The Russian sprinter who dominated Olympic freestyle swimming for a decade with a seemingly effortless, graceful stroke.
Aleksandr Popov won the 50m and 100m freestyle gold medals at the 1992 Barcelona Olympics, dethroning the favorites in both events. Four years later in Atlanta, he repeated the double — a feat no male swimmer has matched. His stroke, long and fluid, generated speed with fewer movements than his rivals, a technique developed under coach Gennadi Touretski. In 1996, a street vendor stabbed Popov in the abdomen, nearly ending his career. He recovered to win further world titles. Popov competed into his thirties as the sport shifted toward younger athletes. His classical style and efficiency transformed sprint swimming, making him a model of technical precision in the pool.
1965–1980
The latchkey kids. Raised during divorce, recession, and the end of the Cold War. Skeptical, self-reliant, media-literate. They invented indie culture, grunge, and the early internet — then watched the Boomers take credit.
Aleksandr was born in 1971, placing them squarely in the Generation X. The events that shaped this generation — economic uncertainty, the end of the Cold War, and the rise of personal computing — shaped the world they entered and the choices available to them.
The biggest hits of 1971
#1 Movie
Fiddler on the Roof
Best Picture
The French Connection
#1 TV Show
Marcus Welby, M.D.
The world at every milestone
Voting age lowered to 18 in the US
Apple Computer founded; US bicentennial
Apple Macintosh introduced
Black Monday stock market crash
Berlin Wall falls; Tiananmen Square protests
LA riots after Rodney King verdict
September 11 attacks transform the world
Osama bin Laden killed; Arab Spring sweeps the Middle East
January 6 Capitol breach; COVID vaccines roll out globally
He is known for his distinctive, economical swimming technique, often taking fewer strokes per length than his competitors.
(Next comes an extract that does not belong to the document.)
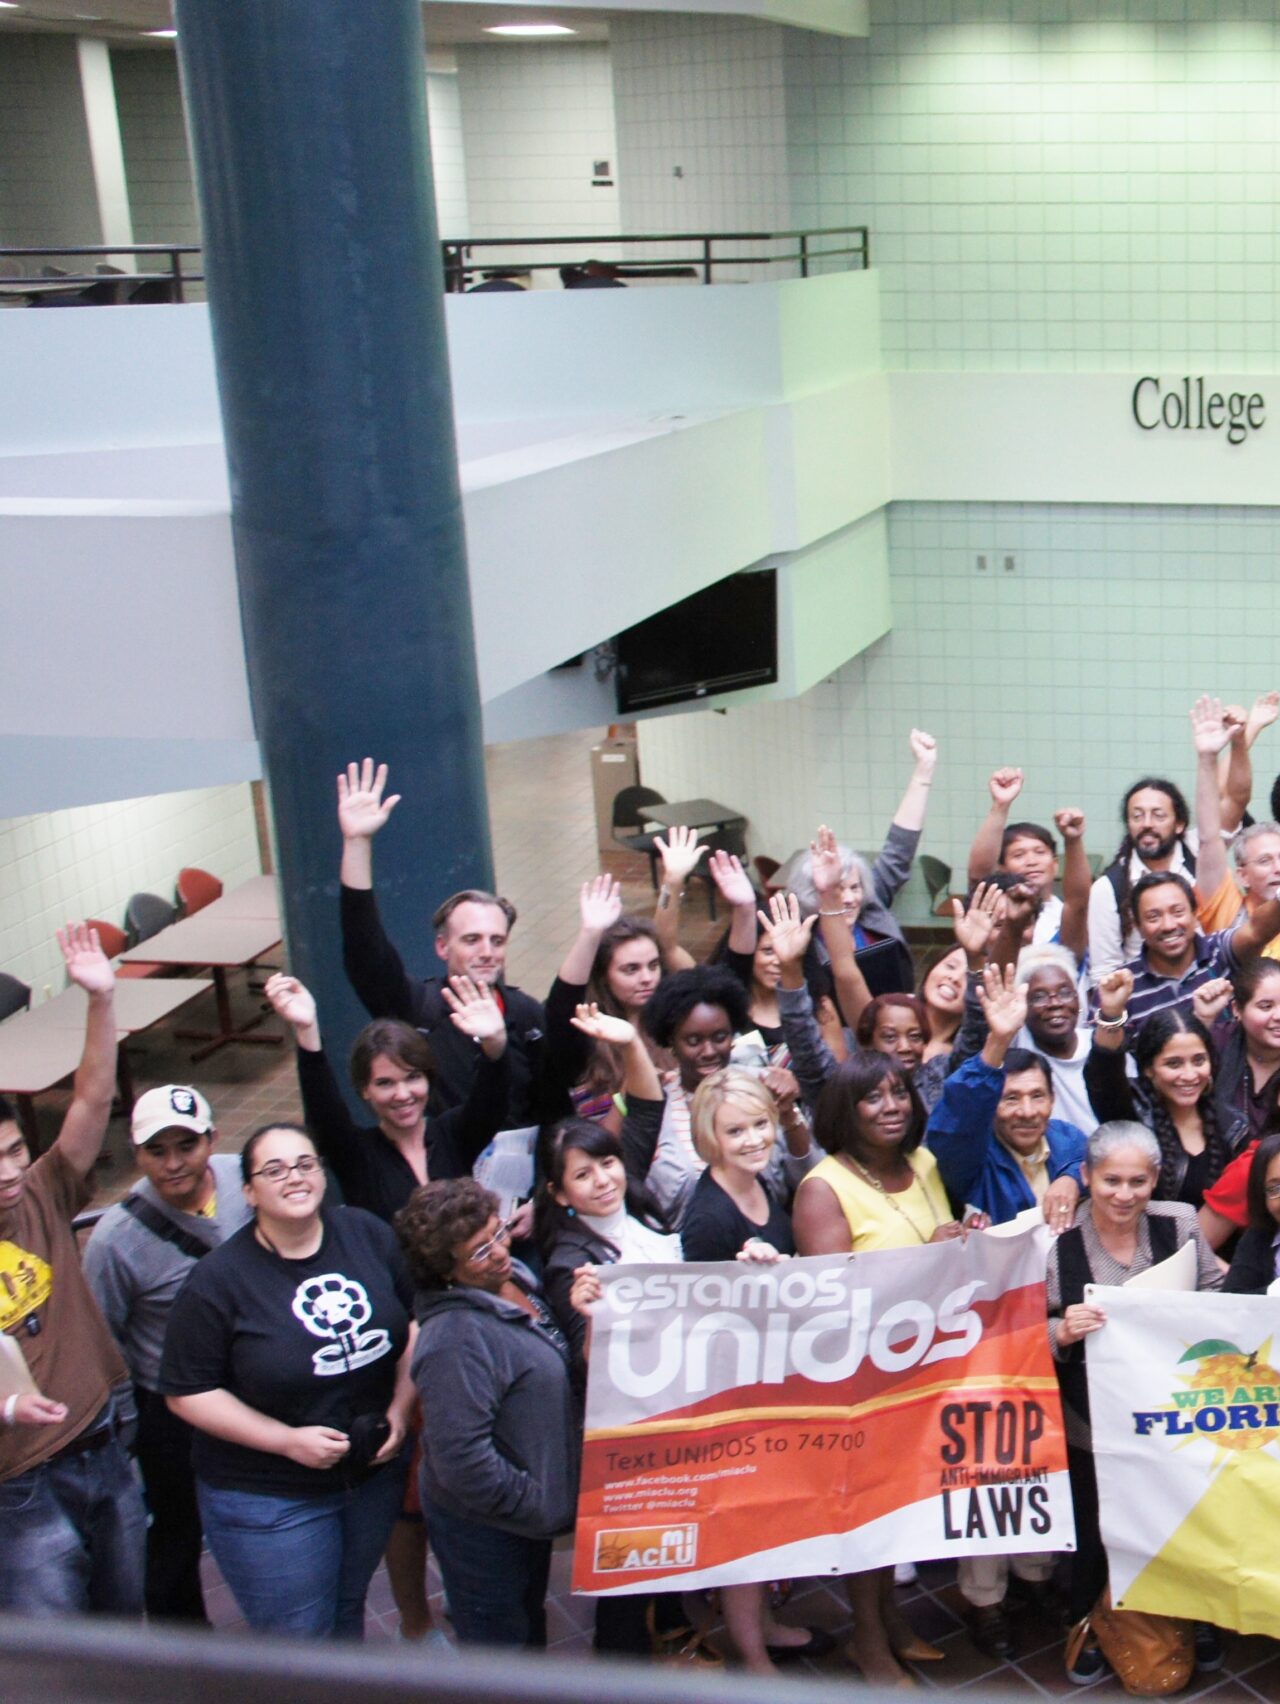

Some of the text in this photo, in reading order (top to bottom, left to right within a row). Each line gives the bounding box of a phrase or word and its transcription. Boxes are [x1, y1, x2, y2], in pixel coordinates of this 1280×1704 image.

After the 1996 Olympics, he was stabbed in a Moscow street dispute over watermelons, suffering a serious kidney injury but making a full recovery.
He studied at the Russian State University of Physical Education, Sport, Youth and Tourism in Moscow.
Following his retirement, he served as the President of the Russian Swimming Federation.
“The water is the same for everyone. The difference is what you do in it.”